Authorities say they are fighting the rebels and paramilitaries, but the problem neighborhoods cited by the mayor and police chief are controlled by the FARC or ELN militias or a third leftist group, the Medellin faction known as the Armed Commandos of the People.

"The fact that paramilitaries are taking over large sectors of the city is not seen as a danger," said Ignacio Arango, a researcher with the Popular Training Institute, which documents Medellin's violence.

The paramilitaries claim to control more than 80 percent of the hillside neighborhoods, the same percentage the mayor cites as areas that "function in complete peace."

Perez denies implications that authorities allow the paramilitaries a free hand to combat the guerrillas as part of their security policy. "What we have recovered we have done with the visible forces of the state," he said.

But paramilitary commanders are bent on continuing their recovery efforts.

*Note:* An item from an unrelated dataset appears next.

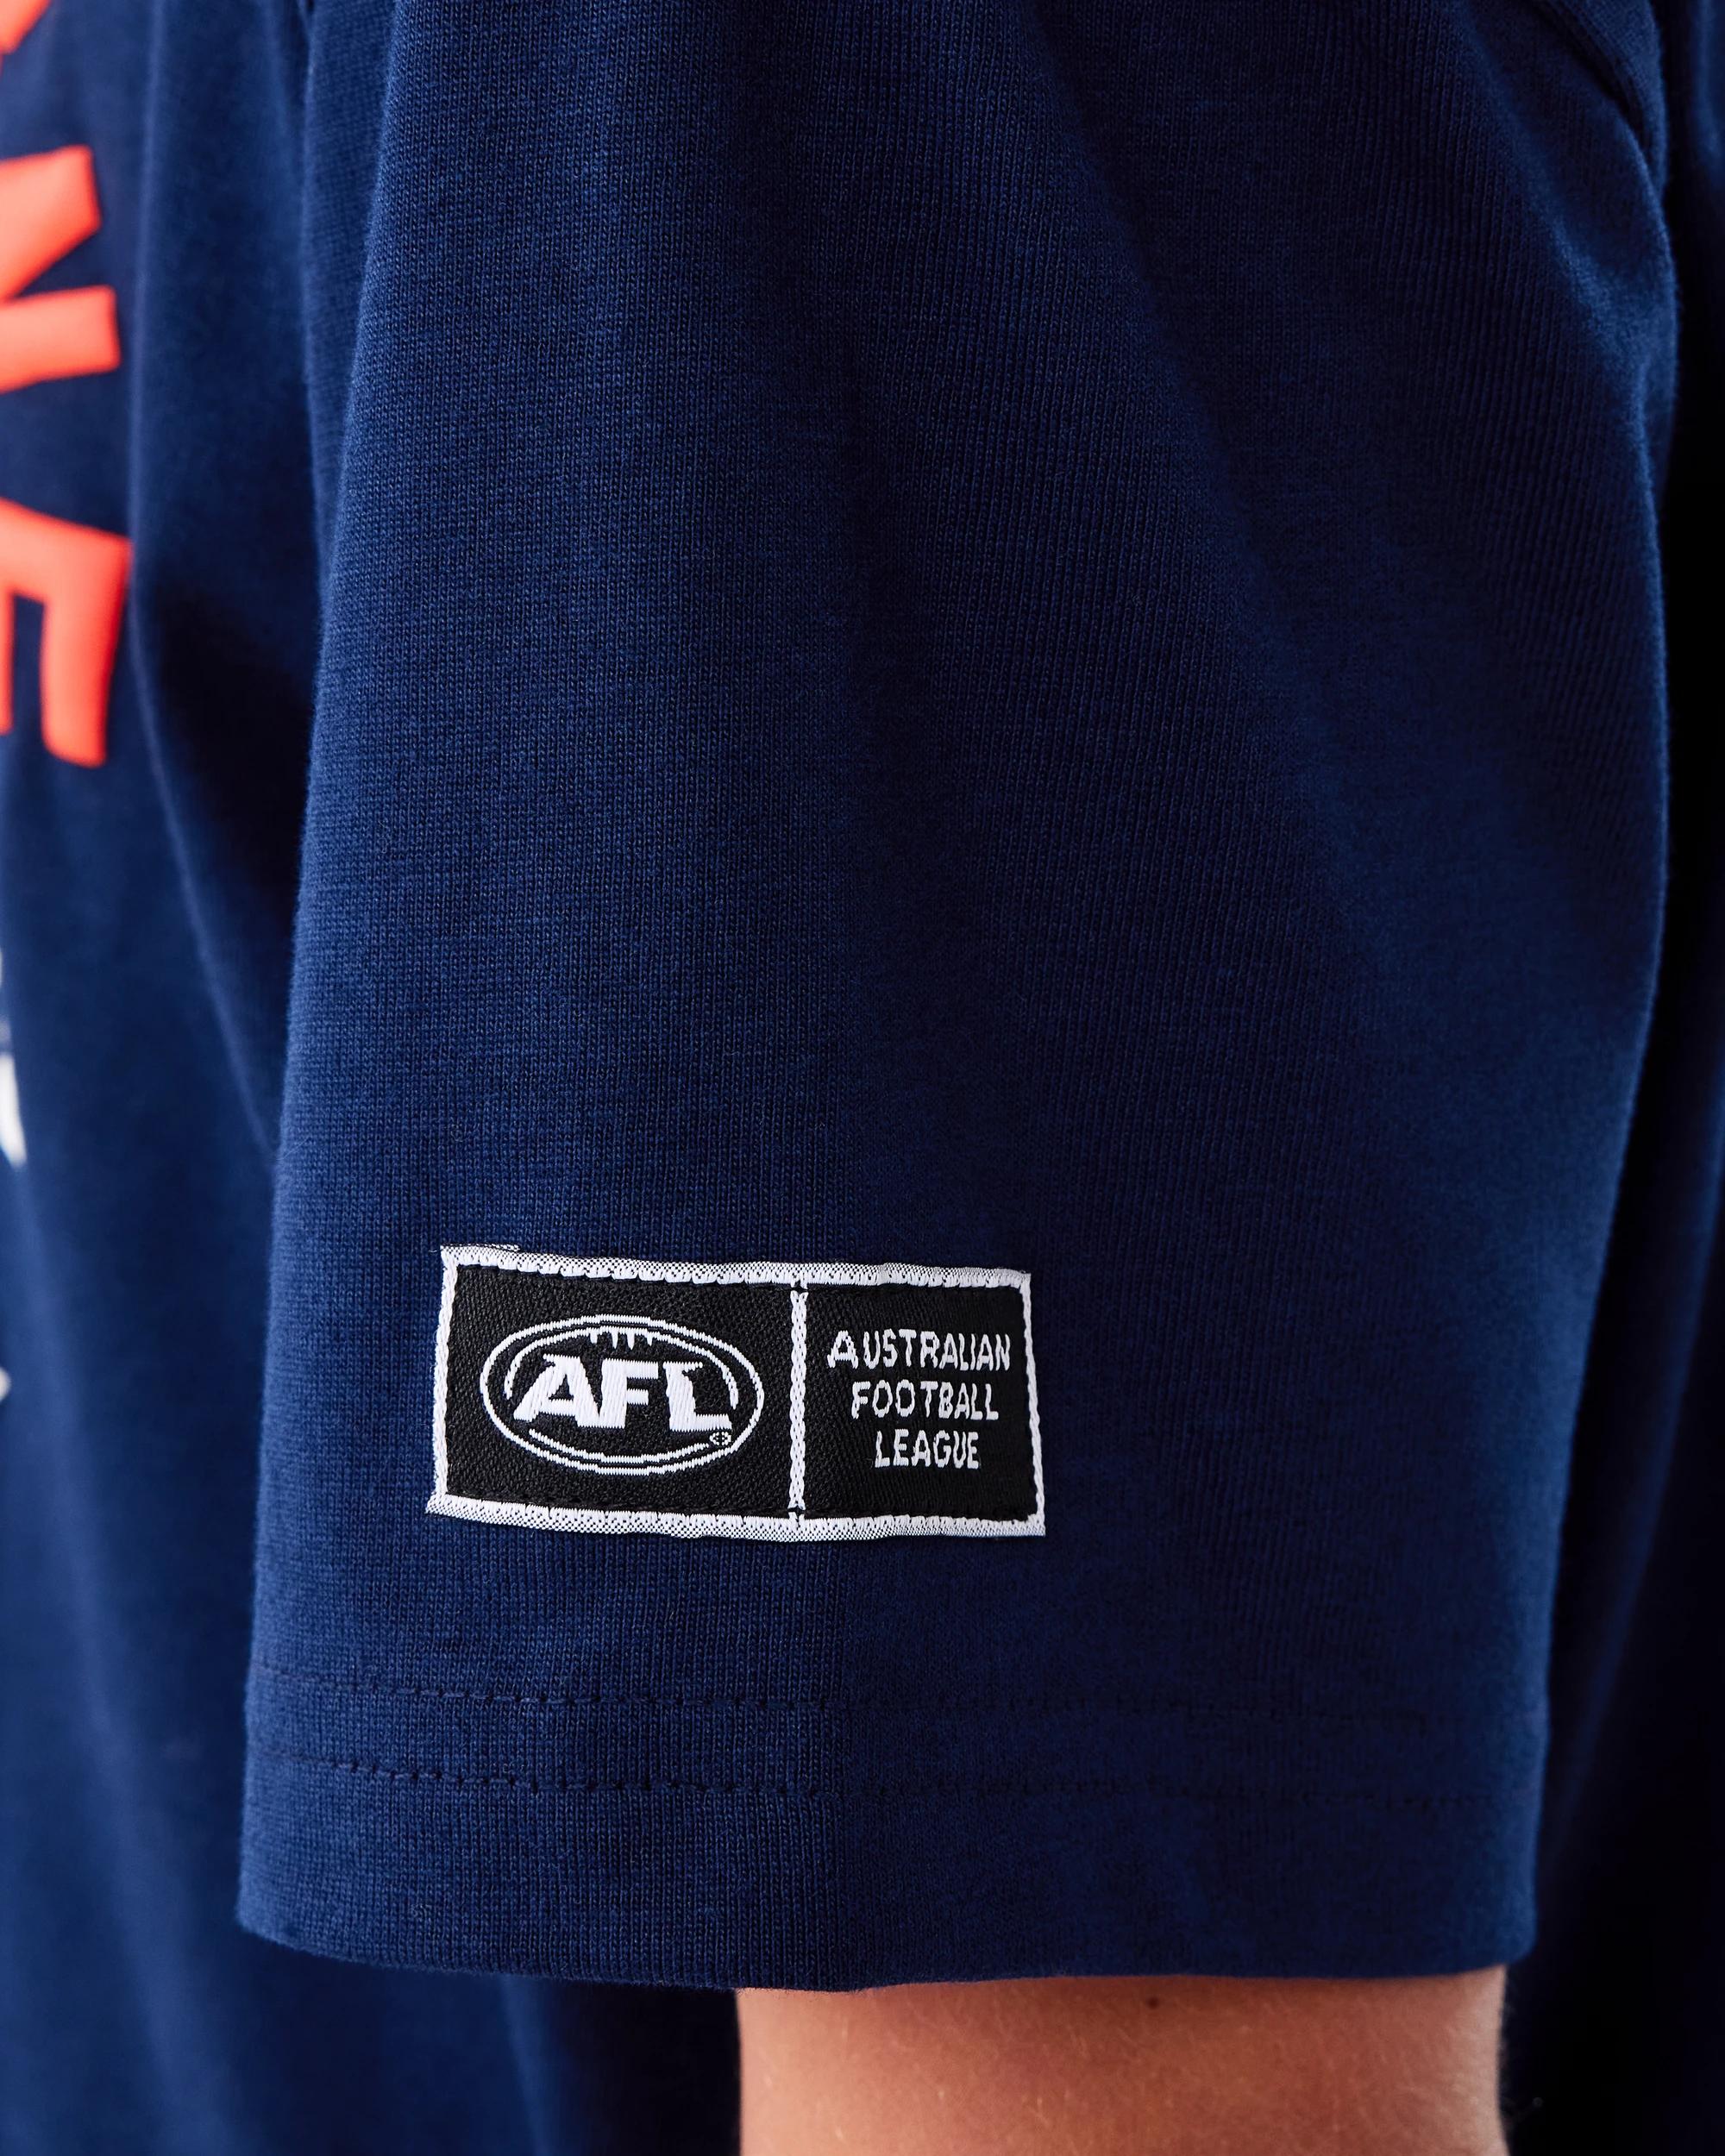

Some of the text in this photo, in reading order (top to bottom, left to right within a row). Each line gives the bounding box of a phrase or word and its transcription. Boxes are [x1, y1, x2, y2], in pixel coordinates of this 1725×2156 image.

"We started off small to see how people would react to our presence, and two years ago the top commanders decided to start hitting harder," said a neighborhood paramilitary leader who goes by the name Piolin.

"We now control 80 percent of the barrios," Piolin boasted as two paramilitary fighters in camouflage took position with an AK-47 assault rifle and a mortar on the corrugated plastic rooftop of a modest home. "Our goal is to liberate the other 20 percent in the next two years."

Piolin acknowledges that paramilitary actions help the police drive out the rebel militias though he denies they work together. But when a police patrol arrives in San Pablo at dusk, two agents on a motorcycle chatted briefly with the neighborhood's recognized paramilitary leader and went on their way.

"Why would we want to fight the state?" Piolin asked. "Our sole purpose is to fight the guerrillas."

Aware of paramilitary intentions to occupy the city, rebel militias in the 20 de Julio neighborhood are on permanent watch for intruders and suspected paramilitary infiltrators.

"The paras are trying to establish themselves in the barrio," said an ELN squadron commander named Roberto, his face covered with a black kerchief. The butt of a snakeskin-patterned revolver protruded conspicuously from his pants and a small hand grenade hung from his belt.

Just then, Roberto's two-way radio crackled and a voice on the other end alerted him to presence of a suspicious person in the neighborhood. Roberto and two henchmen with assault rifles trotted off to confront the intruder. The gunfire came minutes later and the dead man was hauled off the hill.